§ **GOAL OF THE EXERCISE**
The first line to keep is the one containing "this 1500×1000 image."; restate it and all lines after it through the end of the material, word for word and nothing else.
--*--
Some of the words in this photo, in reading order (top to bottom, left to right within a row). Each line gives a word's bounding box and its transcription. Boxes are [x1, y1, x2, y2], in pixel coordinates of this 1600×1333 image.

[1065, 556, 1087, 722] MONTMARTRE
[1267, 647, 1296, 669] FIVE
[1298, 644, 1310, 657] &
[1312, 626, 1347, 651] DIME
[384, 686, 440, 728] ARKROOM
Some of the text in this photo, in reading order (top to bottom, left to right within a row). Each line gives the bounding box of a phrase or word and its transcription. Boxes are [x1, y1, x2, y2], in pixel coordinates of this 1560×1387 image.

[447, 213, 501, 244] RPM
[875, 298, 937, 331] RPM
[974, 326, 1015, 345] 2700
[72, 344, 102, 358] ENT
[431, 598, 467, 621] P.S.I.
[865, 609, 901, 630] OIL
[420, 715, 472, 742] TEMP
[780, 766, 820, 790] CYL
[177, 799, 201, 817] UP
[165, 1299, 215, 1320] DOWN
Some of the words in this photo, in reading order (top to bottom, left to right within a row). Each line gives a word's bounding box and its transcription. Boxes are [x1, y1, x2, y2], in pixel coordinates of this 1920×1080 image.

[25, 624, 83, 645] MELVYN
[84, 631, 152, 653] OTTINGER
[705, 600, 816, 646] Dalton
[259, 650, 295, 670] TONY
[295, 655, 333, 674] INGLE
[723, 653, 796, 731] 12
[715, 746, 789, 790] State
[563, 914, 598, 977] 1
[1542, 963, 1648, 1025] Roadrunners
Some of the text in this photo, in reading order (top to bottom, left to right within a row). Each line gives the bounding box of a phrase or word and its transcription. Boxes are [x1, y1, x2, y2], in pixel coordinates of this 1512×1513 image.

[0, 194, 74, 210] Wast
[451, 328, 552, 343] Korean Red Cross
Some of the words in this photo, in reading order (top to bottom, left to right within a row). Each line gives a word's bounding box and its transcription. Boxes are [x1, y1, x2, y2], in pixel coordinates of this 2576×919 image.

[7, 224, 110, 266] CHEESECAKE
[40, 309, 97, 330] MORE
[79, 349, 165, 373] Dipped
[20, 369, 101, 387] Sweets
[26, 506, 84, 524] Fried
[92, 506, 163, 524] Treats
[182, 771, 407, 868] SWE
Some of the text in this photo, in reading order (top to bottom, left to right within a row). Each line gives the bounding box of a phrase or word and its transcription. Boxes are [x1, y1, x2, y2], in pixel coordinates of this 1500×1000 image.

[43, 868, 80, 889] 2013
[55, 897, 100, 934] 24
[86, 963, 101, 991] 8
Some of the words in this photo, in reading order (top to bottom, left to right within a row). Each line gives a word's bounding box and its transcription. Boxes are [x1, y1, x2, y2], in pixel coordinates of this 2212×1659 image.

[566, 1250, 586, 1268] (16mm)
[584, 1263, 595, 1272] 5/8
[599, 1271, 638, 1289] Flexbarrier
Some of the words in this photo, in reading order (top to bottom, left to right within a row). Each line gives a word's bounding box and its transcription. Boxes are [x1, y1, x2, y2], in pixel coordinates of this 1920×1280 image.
--*--
§ **RESULT**
Some of the text in this photo, in reading order (top to bottom, left to right within a row). Each line gives the bounding box of a phrase or word and its transcription. Boxes are [x1, y1, x2, y2], in pixel coordinates of this 1500×1000 image.

[43, 868, 80, 889] 2013
[55, 897, 100, 934] 24
[86, 963, 101, 991] 8
Some of the words in this photo, in reading order (top to bottom, left to right within a row). Each line gives a word's bounding box and its transcription. Boxes are [x1, y1, x2, y2], in pixel coordinates of this 2212×1659 image.

[566, 1250, 586, 1268] (16mm)
[584, 1263, 595, 1272] 5/8
[599, 1271, 638, 1289] Flexbarrier
Some of the words in this photo, in reading order (top to bottom, left to right within a row). Each line gives a word's bounding box and its transcription. Boxes are [x1, y1, x2, y2], in pixel coordinates of this 1920×1280 image.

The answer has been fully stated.